With the pictures set aside, write out all of the data exactly as it stands.

Saved data entries:

--------------------------------------------------

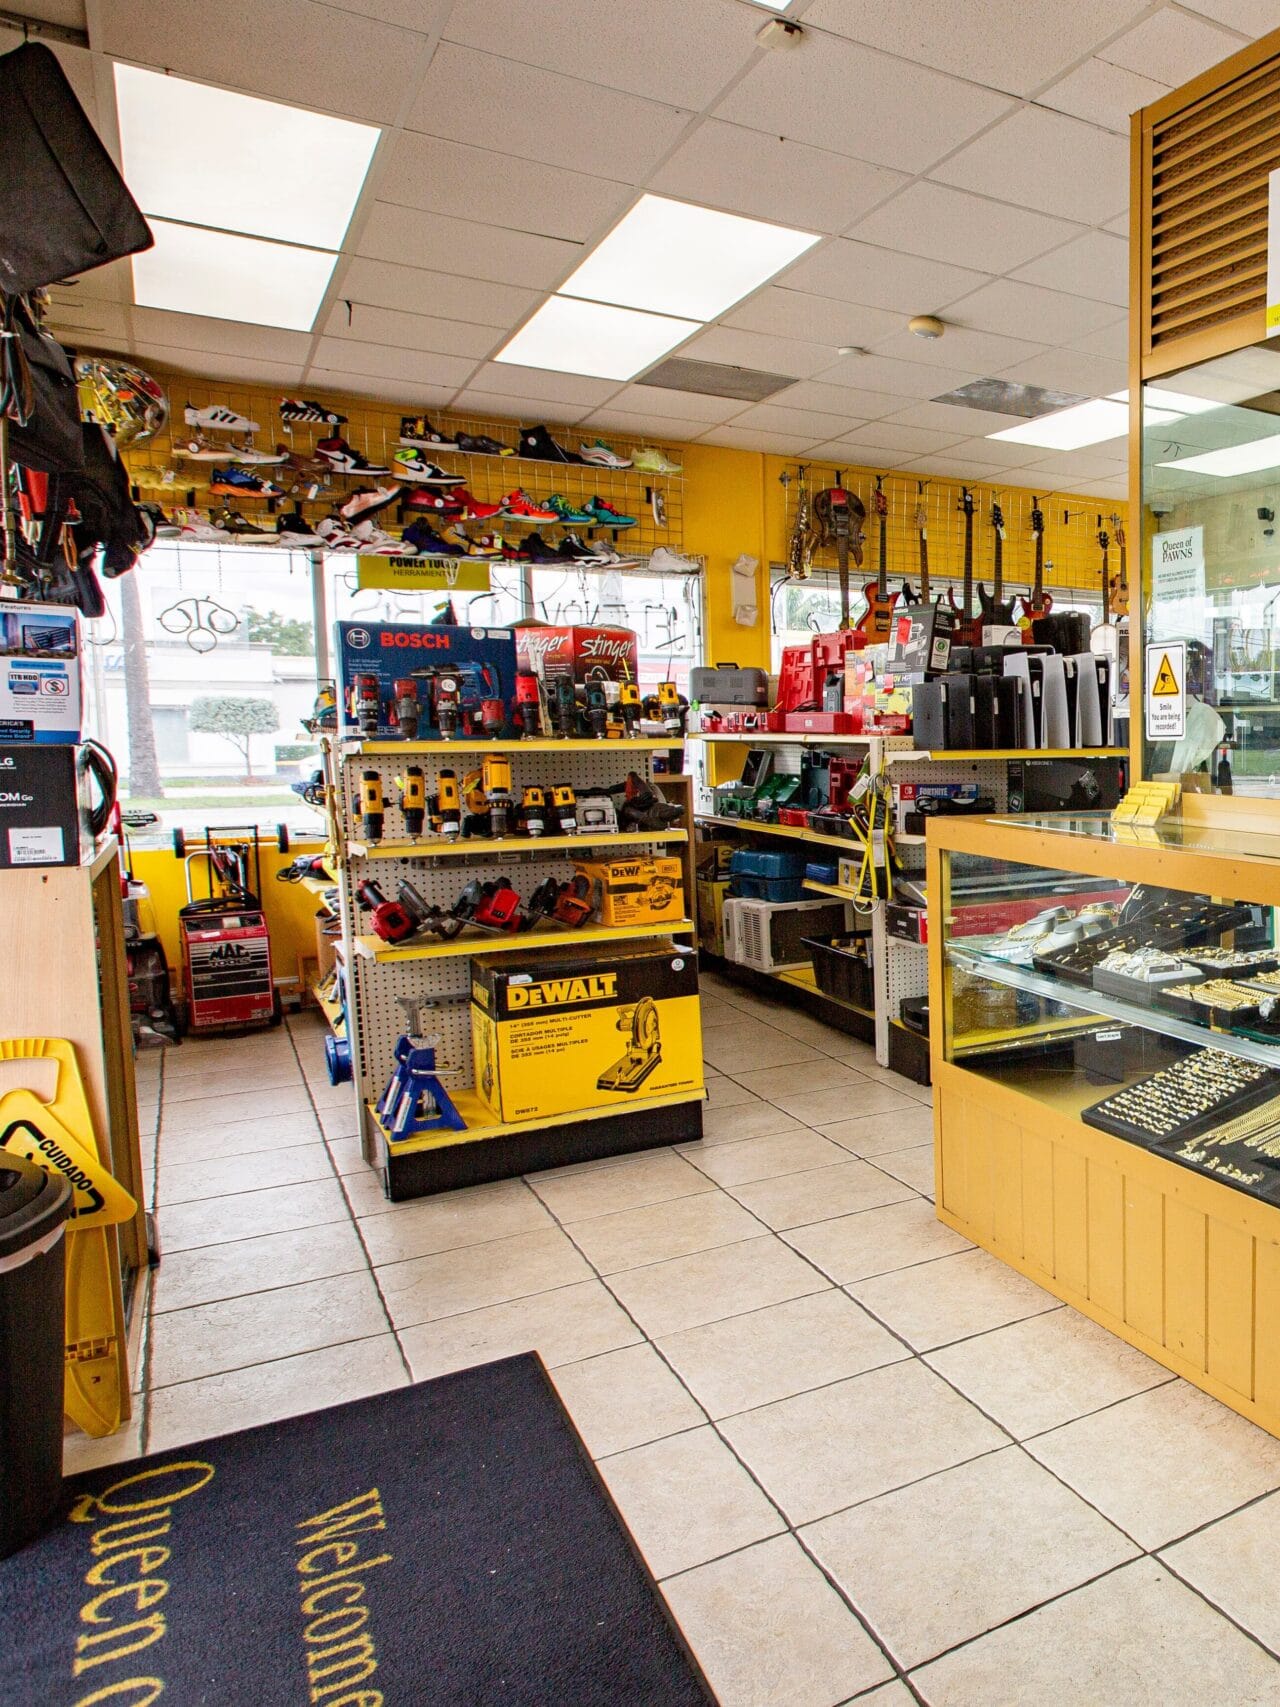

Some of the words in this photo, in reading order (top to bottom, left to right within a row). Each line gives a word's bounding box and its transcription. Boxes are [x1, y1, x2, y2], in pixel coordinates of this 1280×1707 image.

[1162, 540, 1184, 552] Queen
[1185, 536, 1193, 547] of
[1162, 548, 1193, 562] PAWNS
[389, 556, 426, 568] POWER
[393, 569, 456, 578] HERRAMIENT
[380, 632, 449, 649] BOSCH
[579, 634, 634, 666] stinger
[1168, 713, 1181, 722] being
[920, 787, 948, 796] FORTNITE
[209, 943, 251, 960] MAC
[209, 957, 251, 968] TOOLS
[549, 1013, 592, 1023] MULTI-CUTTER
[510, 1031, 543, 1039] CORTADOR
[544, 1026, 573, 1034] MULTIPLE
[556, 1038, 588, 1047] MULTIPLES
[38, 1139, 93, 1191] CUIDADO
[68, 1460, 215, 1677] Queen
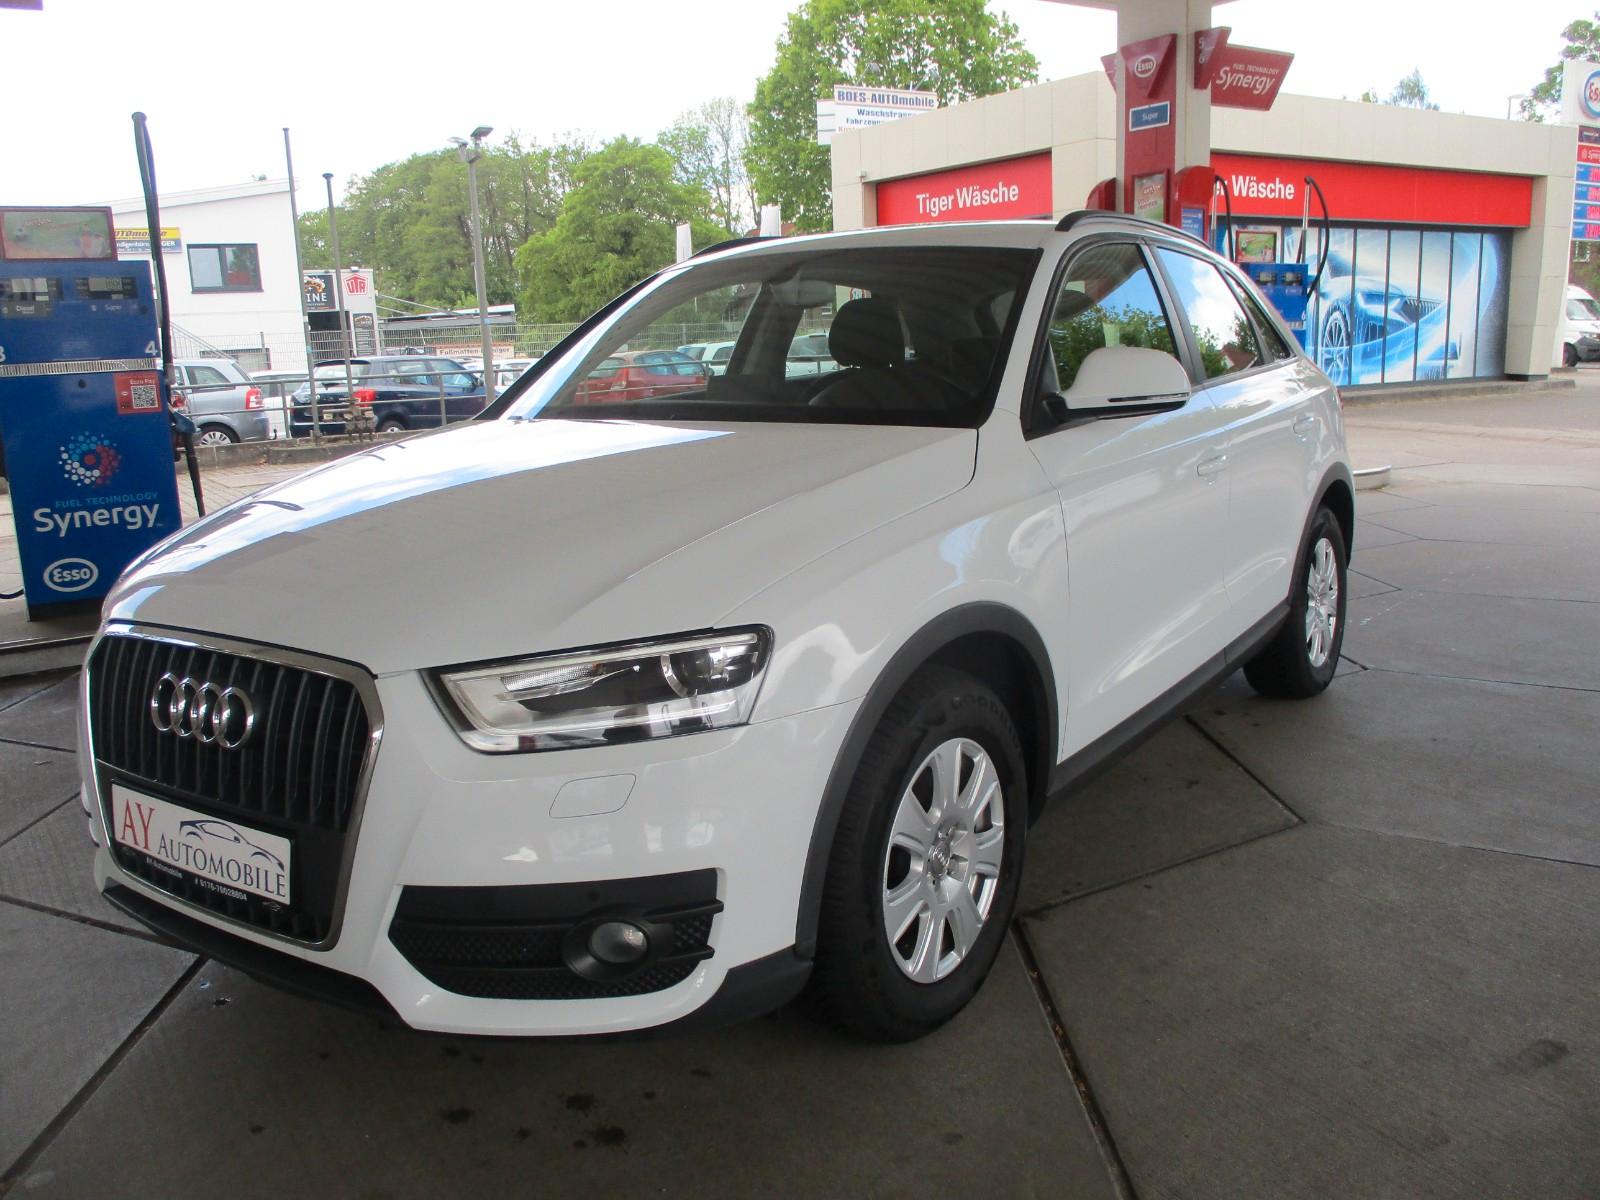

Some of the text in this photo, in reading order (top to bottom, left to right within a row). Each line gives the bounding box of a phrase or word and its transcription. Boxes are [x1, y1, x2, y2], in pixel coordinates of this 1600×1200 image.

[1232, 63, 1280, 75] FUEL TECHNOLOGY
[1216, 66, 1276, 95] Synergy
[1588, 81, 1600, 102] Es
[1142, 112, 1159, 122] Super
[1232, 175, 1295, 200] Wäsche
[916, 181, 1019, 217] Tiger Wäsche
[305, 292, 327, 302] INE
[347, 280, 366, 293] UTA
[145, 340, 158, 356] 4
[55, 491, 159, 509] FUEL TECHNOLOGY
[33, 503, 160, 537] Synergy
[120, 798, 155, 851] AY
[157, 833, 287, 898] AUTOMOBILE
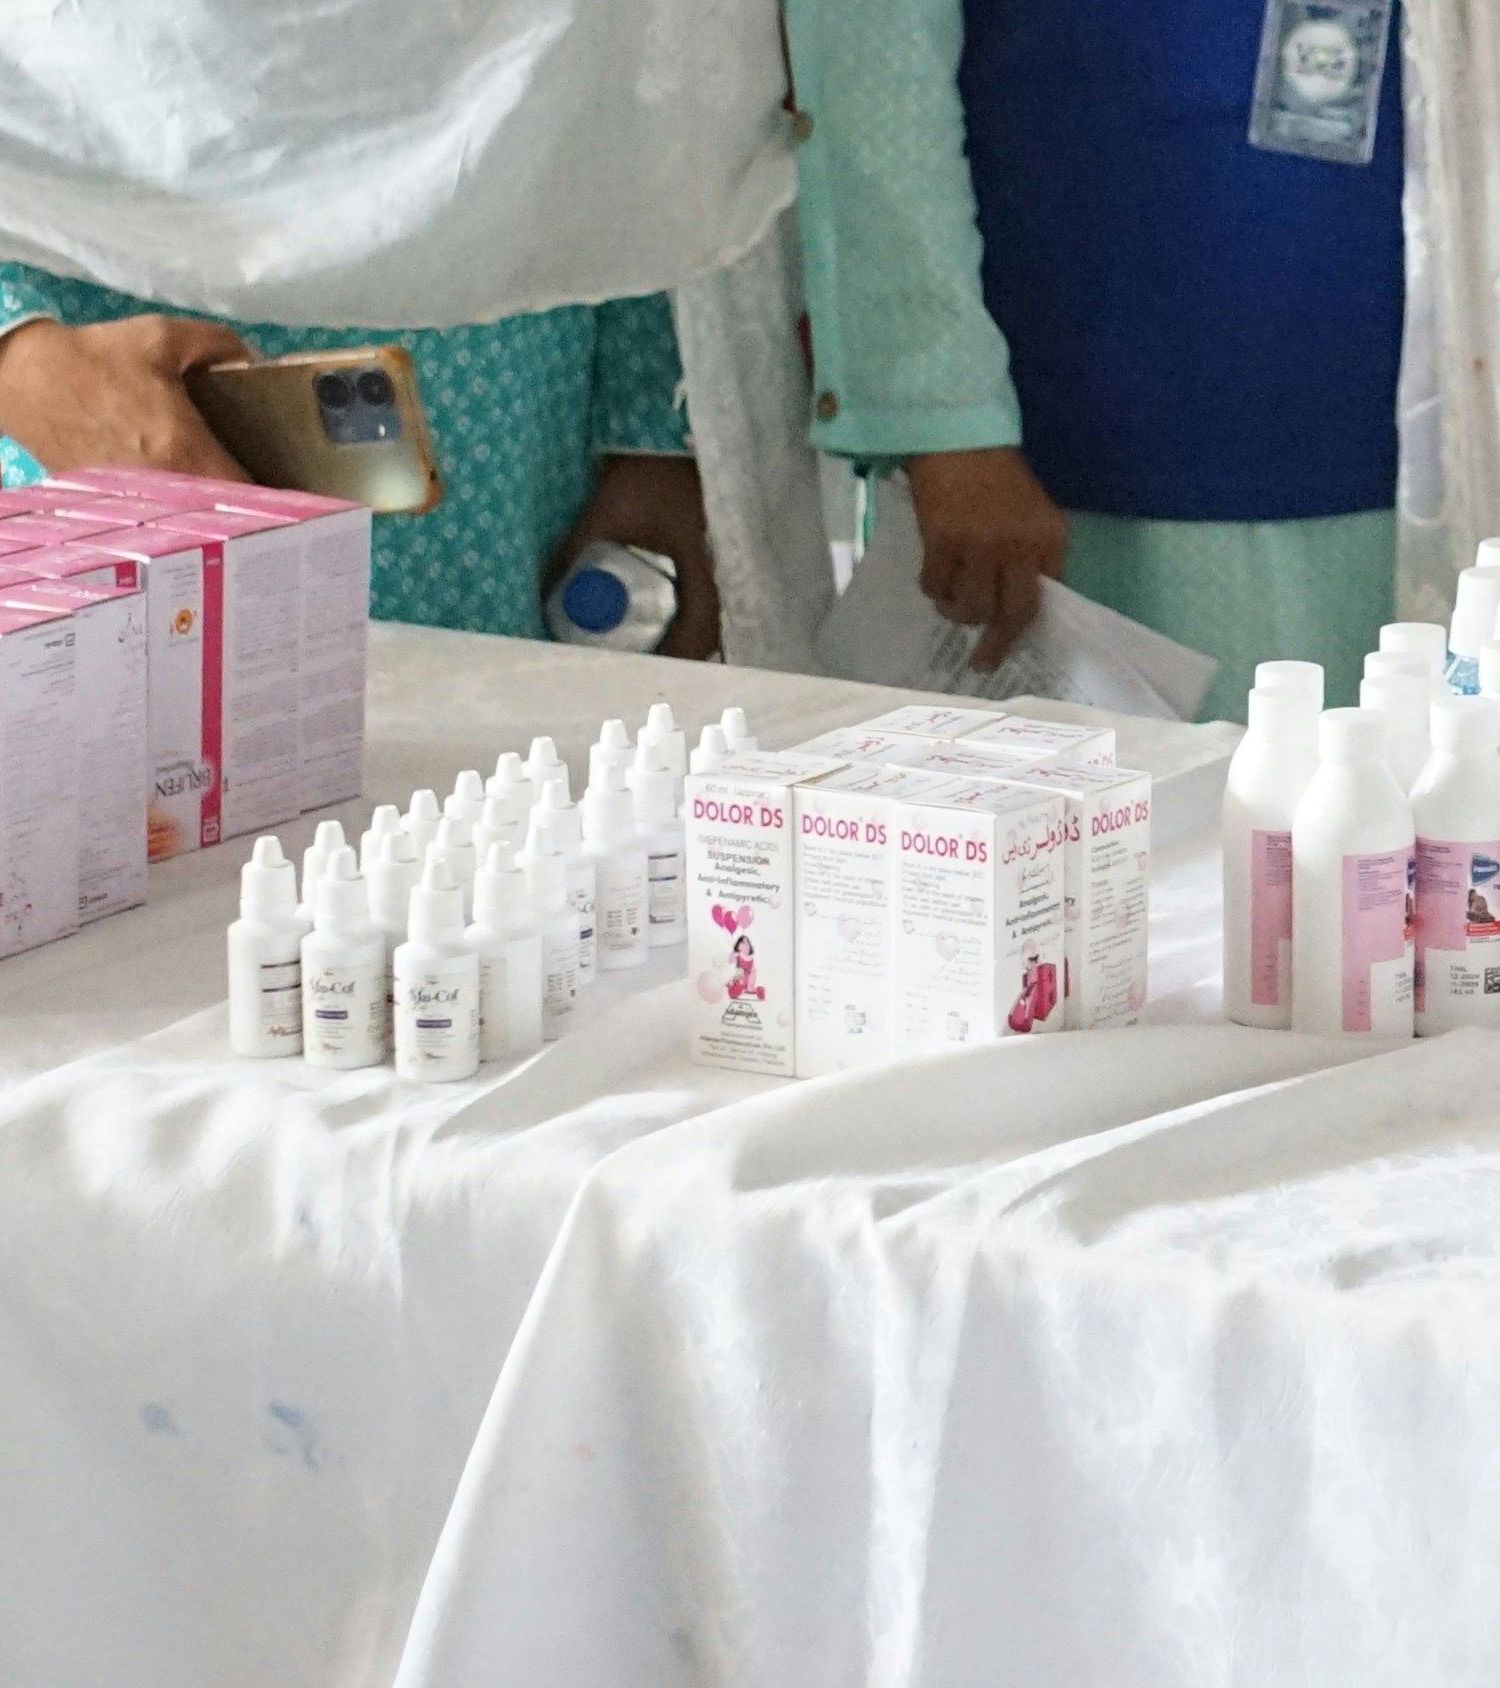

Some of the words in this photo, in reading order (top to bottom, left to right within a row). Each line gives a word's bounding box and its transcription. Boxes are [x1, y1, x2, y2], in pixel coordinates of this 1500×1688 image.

--------------------------------------------------

WRITTEN REPLY:
Some of the words in this photo, in reading order (top to bottom, left to right within a row). Each line gives a word's bounding box and its transcription. Boxes are [x1, y1, x2, y2], in pixel coordinates of this 1280×1707 image.

[1162, 540, 1184, 552] Queen
[1185, 536, 1193, 547] of
[1162, 548, 1193, 562] PAWNS
[389, 556, 426, 568] POWER
[393, 569, 456, 578] HERRAMIENT
[380, 632, 449, 649] BOSCH
[579, 634, 634, 666] stinger
[1168, 713, 1181, 722] being
[920, 787, 948, 796] FORTNITE
[209, 943, 251, 960] MAC
[209, 957, 251, 968] TOOLS
[549, 1013, 592, 1023] MULTI-CUTTER
[510, 1031, 543, 1039] CORTADOR
[544, 1026, 573, 1034] MULTIPLE
[556, 1038, 588, 1047] MULTIPLES
[38, 1139, 93, 1191] CUIDADO
[68, 1460, 215, 1677] Queen

Some of the text in this photo, in reading order (top to bottom, left to right within a row). Each line gives the bounding box of a phrase or word and its transcription. Boxes are [x1, y1, x2, y2], in pixel coordinates of this 1600×1200 image.

[1232, 63, 1280, 75] FUEL TECHNOLOGY
[1216, 66, 1276, 95] Synergy
[1588, 81, 1600, 102] Es
[1142, 112, 1159, 122] Super
[1232, 175, 1295, 200] Wäsche
[916, 181, 1019, 217] Tiger Wäsche
[305, 292, 327, 302] INE
[347, 280, 366, 293] UTA
[145, 340, 158, 356] 4
[55, 491, 159, 509] FUEL TECHNOLOGY
[33, 503, 160, 537] Synergy
[120, 798, 155, 851] AY
[157, 833, 287, 898] AUTOMOBILE

Some of the words in this photo, in reading order (top to bottom, left to right within a row). Each line gives a word's bounding box and its transcription. Boxes are [x1, y1, x2, y2], in pixel coordinates of this 1500×1688 image.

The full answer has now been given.